The funny thing was, in all three of those guys I felt they were all lotto talents coming into each respective drafts. I thought Granger was going to be picked 8th, I thought Boozer in '02 was going to be picked high as well and Arthur dropping was just weird. I am happy for Memphis though. They got a top 10 talent at #27. 

When Arthur's offense catches up with his rebounding and it will because of his mechanics, he's gonna be a double-double machine.


----------



## HKF (Dec 10, 2002)

Grizz need to add offensive players to the bench in my opinion. They already have two-way players starting, but getting offensive talent particularly someone who can play the 2/3 or 3/4 would be ideal. Hopefully Crittenton gets some minutes soon.


----------



## MemphisX (Sep 11, 2002)

Yeah, the Grizz are making the slow transition of Mayo to PG hopefully. Conley might not have the physicality to play with this bunch. They love to bang and defend. 

It is amazing to see this team being better with a bunch of kids than with Pau and Mike Miller.


----------



## thaKEAF (Mar 8, 2004)

First road win of the year! Glad to see more and more activity in the game threads. :cabbagepatch:

Mayo is getting more and more comfortable offensively and that can only bring problems for the rest of the league. I do agree that Javaris should be worked into the rotation somehow, definitely before Greg Buckner.


----------



## croco (Feb 14, 2005)

MemphisX said:


> It is amazing to see this team being better with a bunch of kids than with Pau and Mike Miller.


Is this really amazing though ? Gasol was the best player, but if your best player doesn't always give his best effort and isn't a leader, it's not going to help you win games. Mike Miller is a great guy to have ... as a 4th or 5th option and spot-up shooter on a good team. 

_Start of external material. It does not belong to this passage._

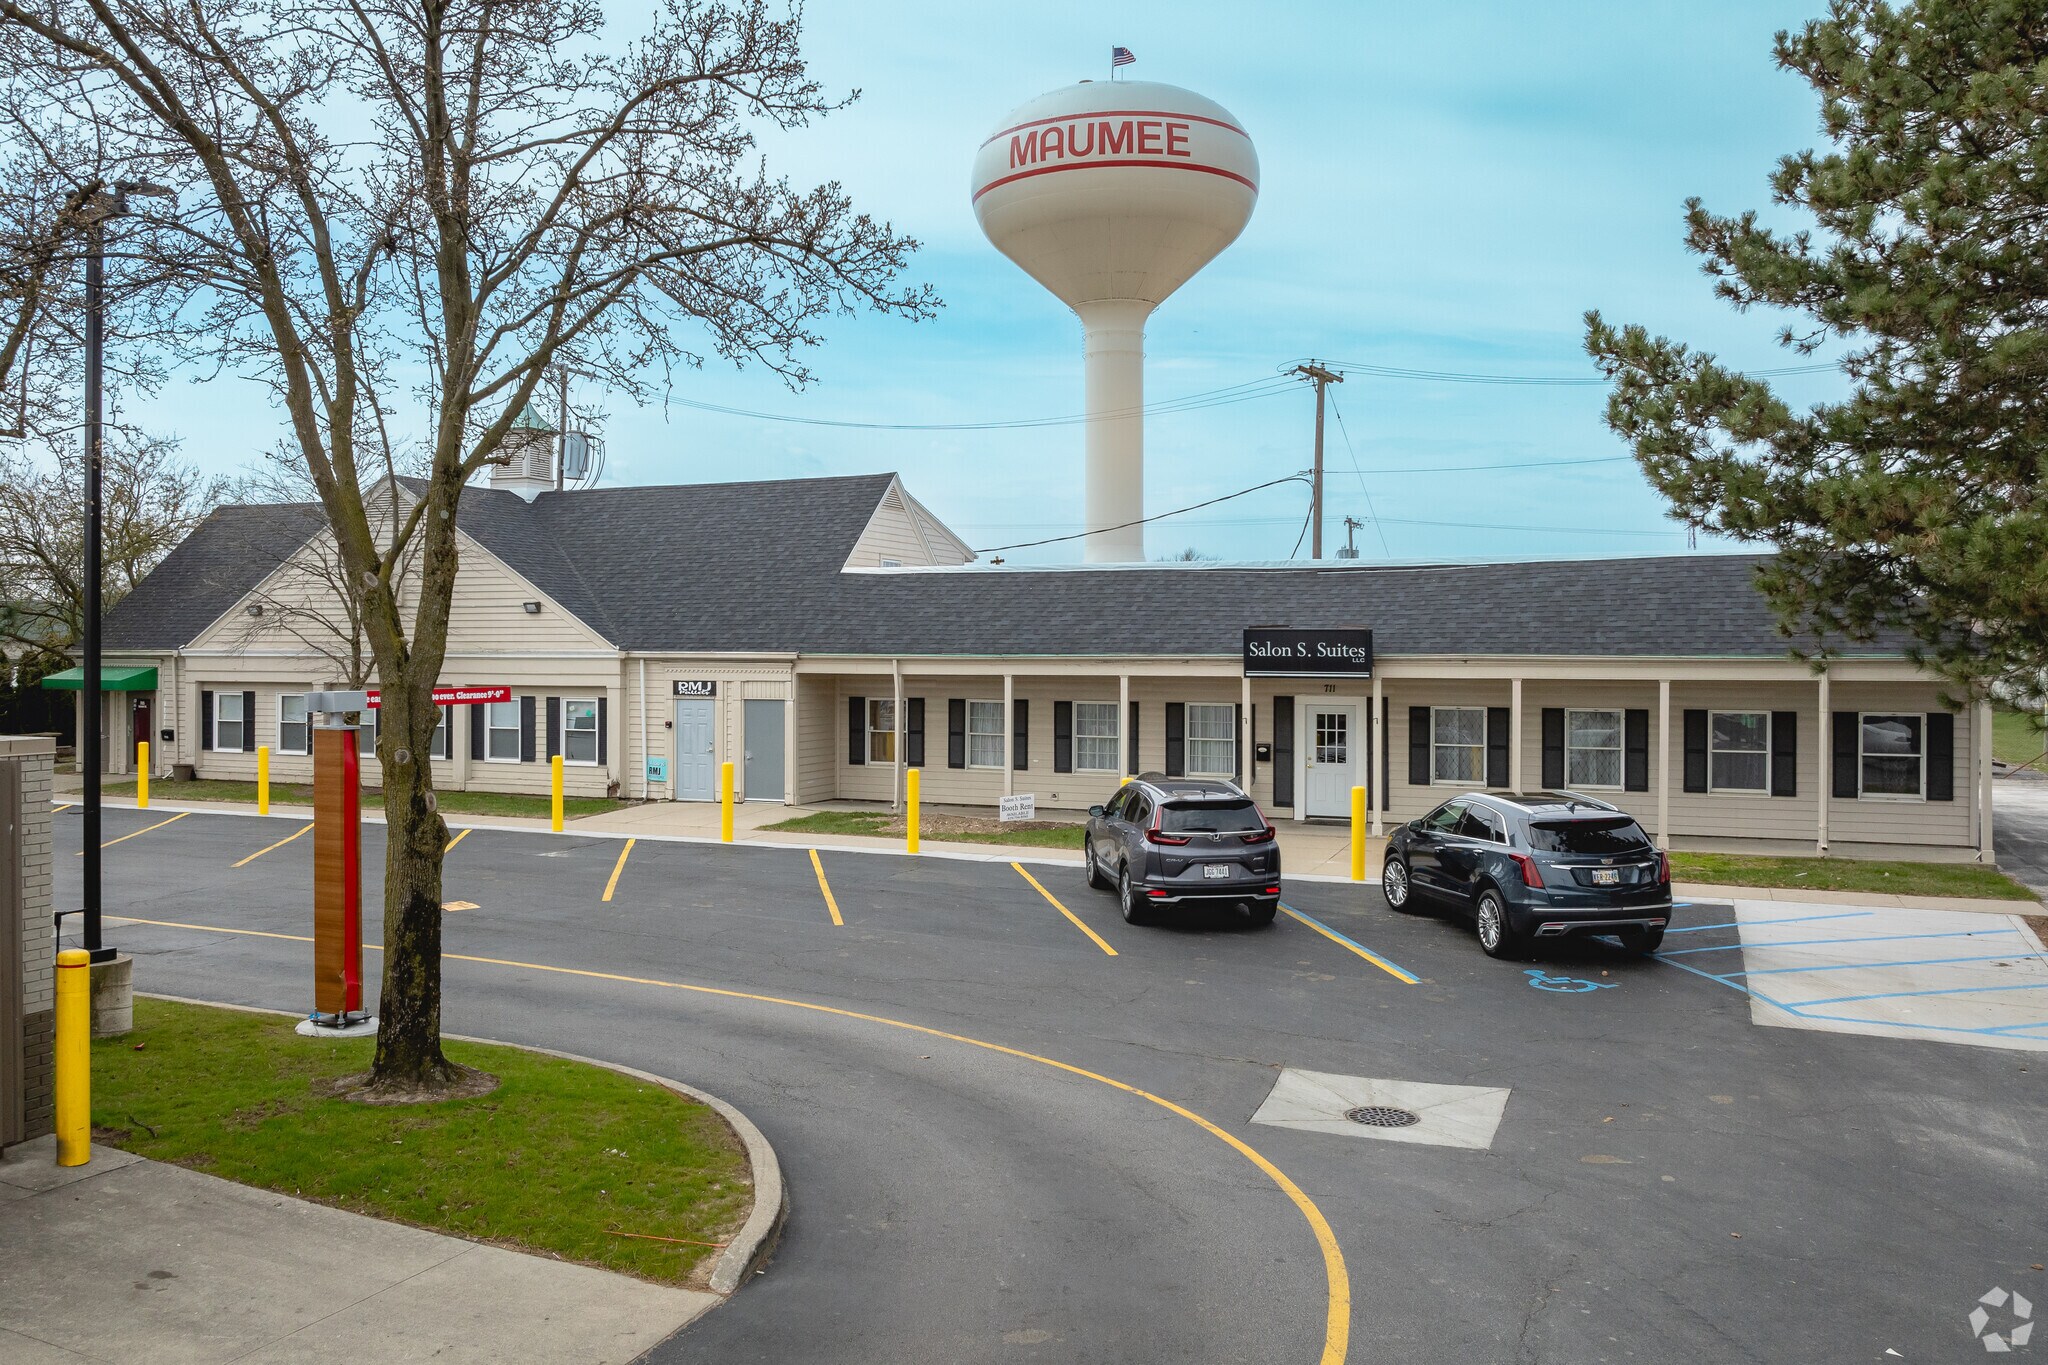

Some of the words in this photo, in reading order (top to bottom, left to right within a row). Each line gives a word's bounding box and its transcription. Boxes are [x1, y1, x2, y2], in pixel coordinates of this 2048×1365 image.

I thought they were going to play a lot harder this year and this is what happened. This is not a playoff team yet, but the talent level or rather potential and ceiling is so much higher than those playoff teams with Gasol, Miller, Posey and others ever had.


----------



## JerryWest (Jun 24, 2002)

Mayo doing well. Like everyone else said, no reason why Greg should be playing ahead of Java. Come on...


----------